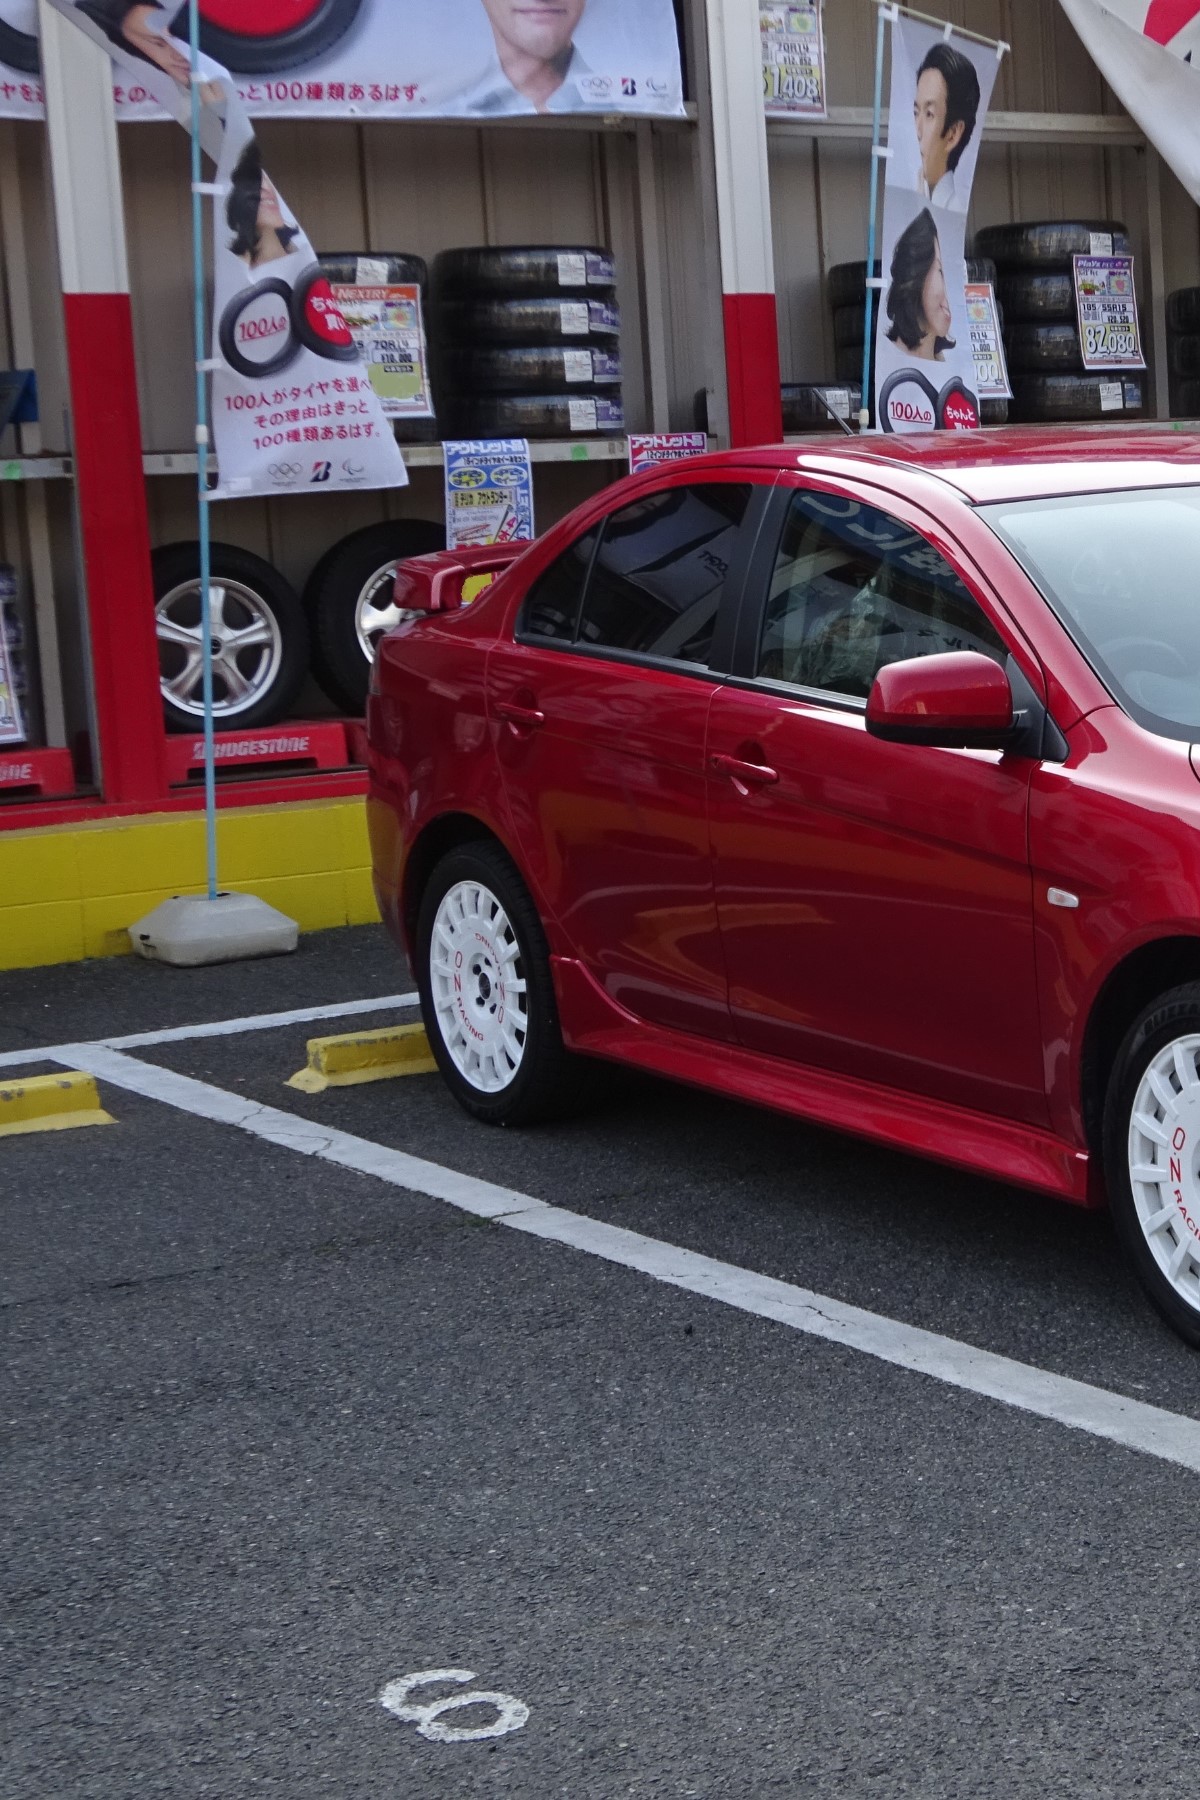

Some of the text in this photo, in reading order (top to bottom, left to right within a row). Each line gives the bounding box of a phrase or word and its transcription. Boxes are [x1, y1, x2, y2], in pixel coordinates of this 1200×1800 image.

[254, 400, 369, 428] その理由はきっと
[890, 401, 932, 422] 100人の
[252, 422, 380, 450] 100種類あるはず。
[631, 434, 704, 449] アウトレット品
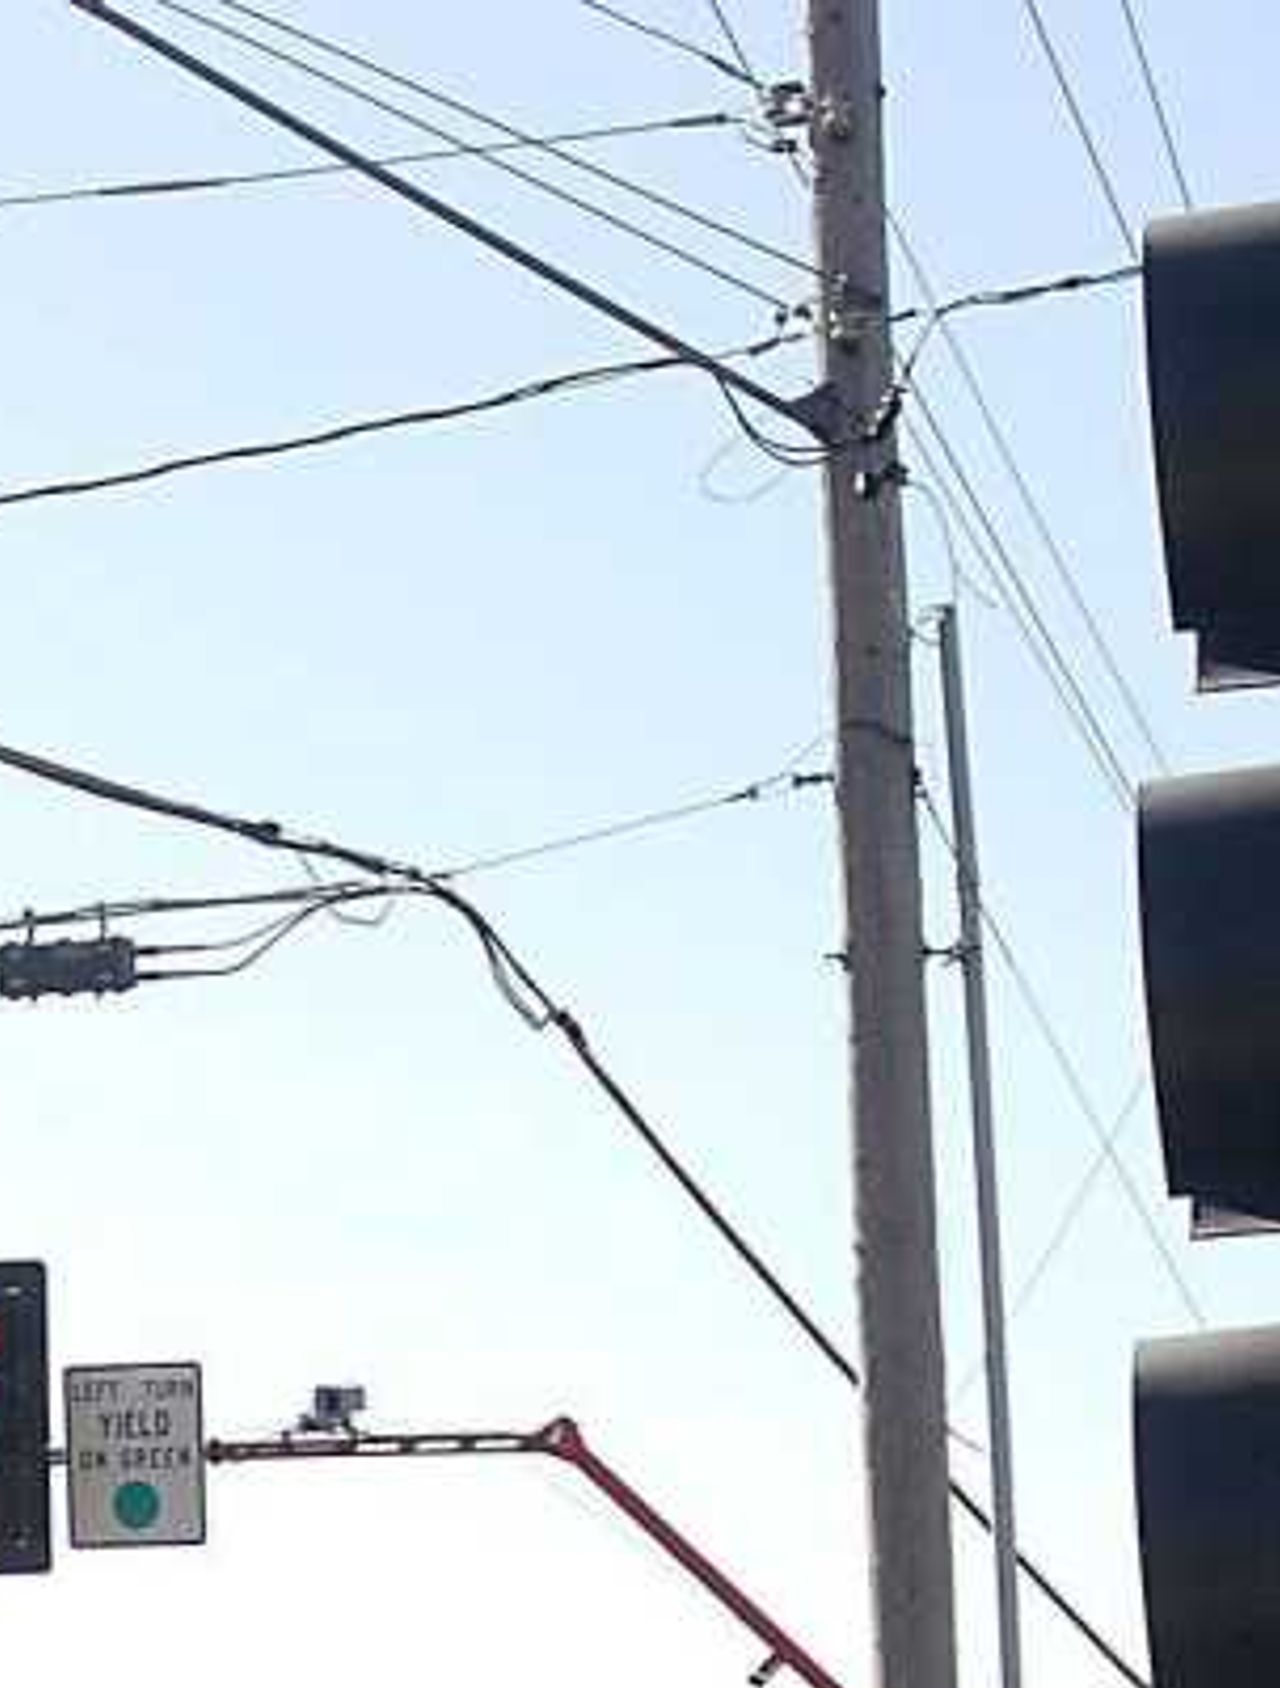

◆ ◆ ◆ ◆ ◆ ◆ ◆

Work order:
When you copy the records above, keep every word exact and leave out the pictures they contain.

Solution to the exercise:
Some of the text in this photo, in reading order (top to bottom, left to right within a row). Each line gives the bounding box of a phrase or word and its transcription. Boxes are [x1, y1, x2, y2], in pixel coordinates of this 1200×1800 image.

[254, 400, 369, 428] その理由はきっと
[890, 401, 932, 422] 100人の
[252, 422, 380, 450] 100種類あるはず。
[631, 434, 704, 449] アウトレット品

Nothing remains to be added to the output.